Provided entries.

╭──

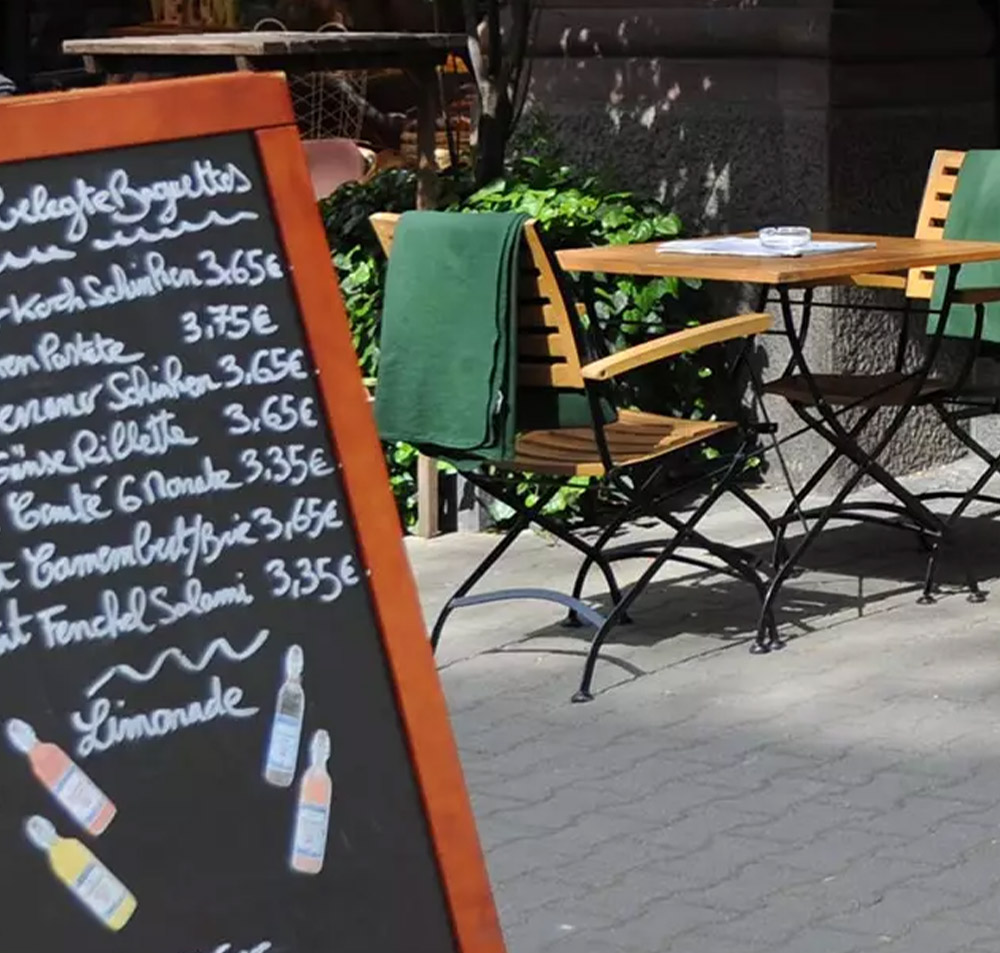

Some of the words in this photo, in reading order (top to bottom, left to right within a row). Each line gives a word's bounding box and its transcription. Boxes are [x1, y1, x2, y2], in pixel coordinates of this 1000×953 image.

[72, 409, 199, 469] Rillette
[117, 474, 142, 512] 6
[36, 586, 156, 648] Fenchel
[150, 571, 254, 625] Salami
[71, 675, 260, 757] Limonade
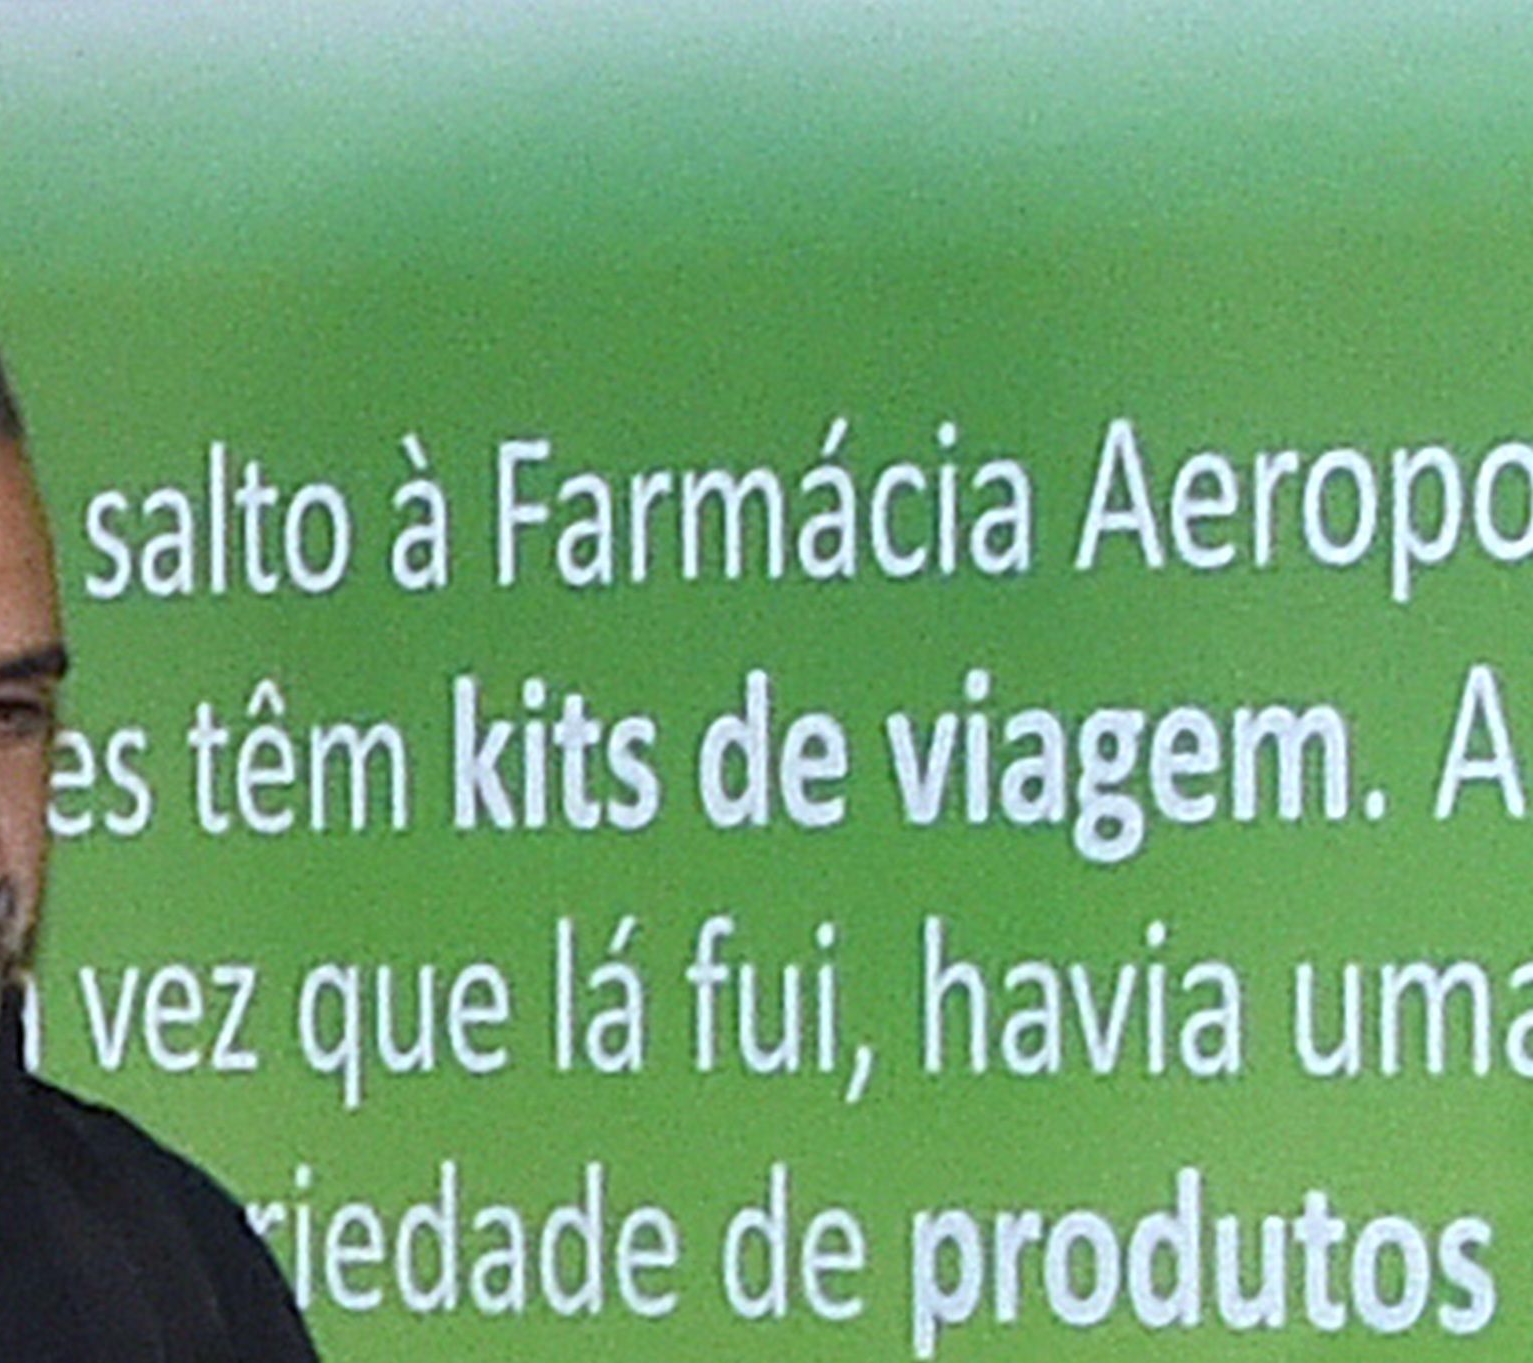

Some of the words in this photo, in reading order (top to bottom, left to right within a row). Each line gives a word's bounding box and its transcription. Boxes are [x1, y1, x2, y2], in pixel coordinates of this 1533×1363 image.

[84, 441, 350, 599] salto
[390, 433, 448, 589] à
[498, 417, 1032, 587] Farmácia
[1074, 417, 1533, 602] Aeropo
[47, 724, 153, 837] es
[188, 678, 408, 834] têm
[452, 673, 662, 831] kits
[698, 668, 850, 828] de
[885, 667, 1386, 864] viagem.
[1434, 664, 1528, 822] A
[79, 963, 260, 1071] vez
[300, 963, 509, 1109] que
[556, 916, 644, 1072] lá
[685, 916, 872, 1103] fui,
[922, 915, 1242, 1076] havia
[722, 1161, 866, 1320] de
[912, 1165, 1497, 1361] produtos
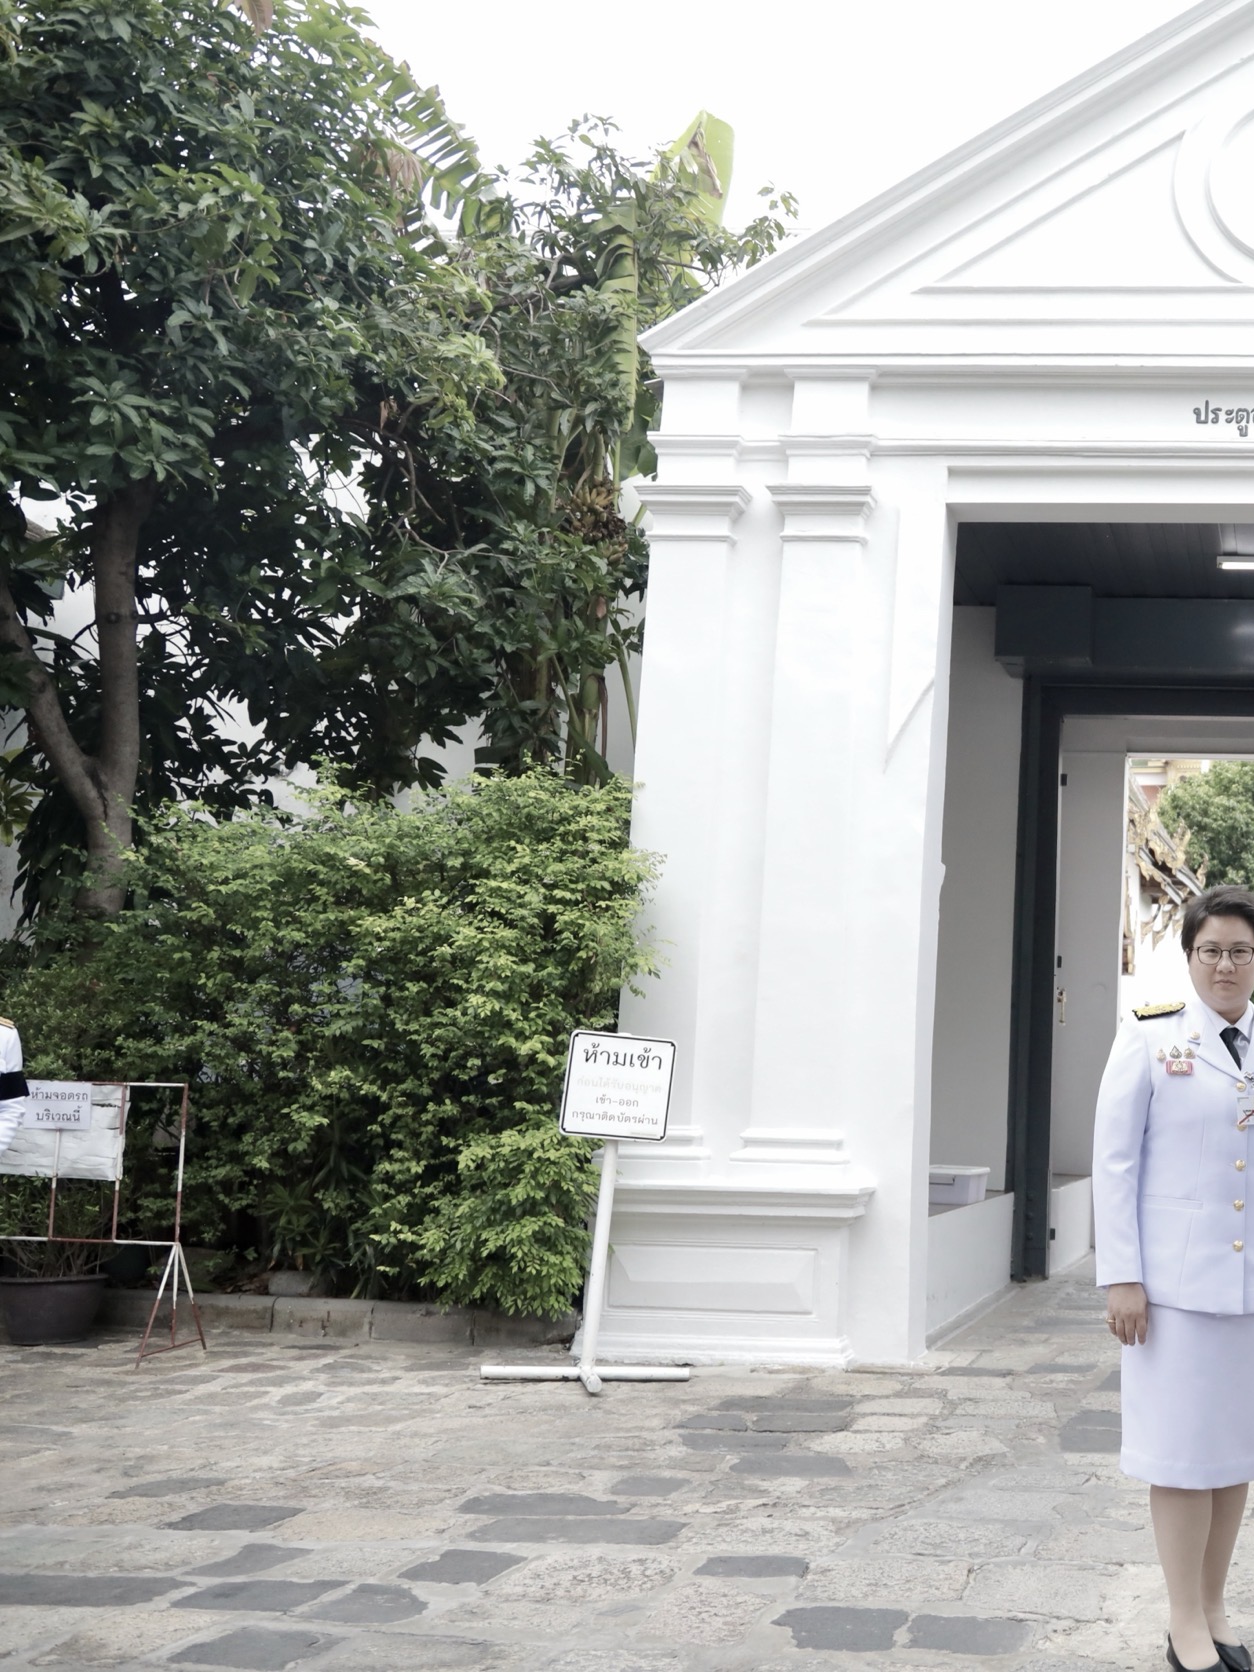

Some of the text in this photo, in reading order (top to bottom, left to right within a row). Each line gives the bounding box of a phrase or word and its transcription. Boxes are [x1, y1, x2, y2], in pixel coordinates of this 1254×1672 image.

╰──

What the task requires. Everything from the line that contains "this 1533×1363 image." through the final line of the material should be returned exactly, except the pictures.

Final answer.
Some of the words in this photo, in reading order (top to bottom, left to right within a row). Each line gives a word's bounding box and its transcription. Boxes are [x1, y1, x2, y2], in pixel coordinates of this 1533×1363 image.

[84, 441, 350, 599] salto
[390, 433, 448, 589] à
[498, 417, 1032, 587] Farmácia
[1074, 417, 1533, 602] Aeropo
[47, 724, 153, 837] es
[188, 678, 408, 834] têm
[452, 673, 662, 831] kits
[698, 668, 850, 828] de
[885, 667, 1386, 864] viagem.
[1434, 664, 1528, 822] A
[79, 963, 260, 1071] vez
[300, 963, 509, 1109] que
[556, 916, 644, 1072] lá
[685, 916, 872, 1103] fui,
[922, 915, 1242, 1076] havia
[722, 1161, 866, 1320] de
[912, 1165, 1497, 1361] produtos

Some of the text in this photo, in reading order (top to bottom, left to right within a row). Each line gives the bounding box of a phrase or word and its transcription. Boxes are [x1, y1, x2, y2], in pixel coordinates of this 1254×1672 image.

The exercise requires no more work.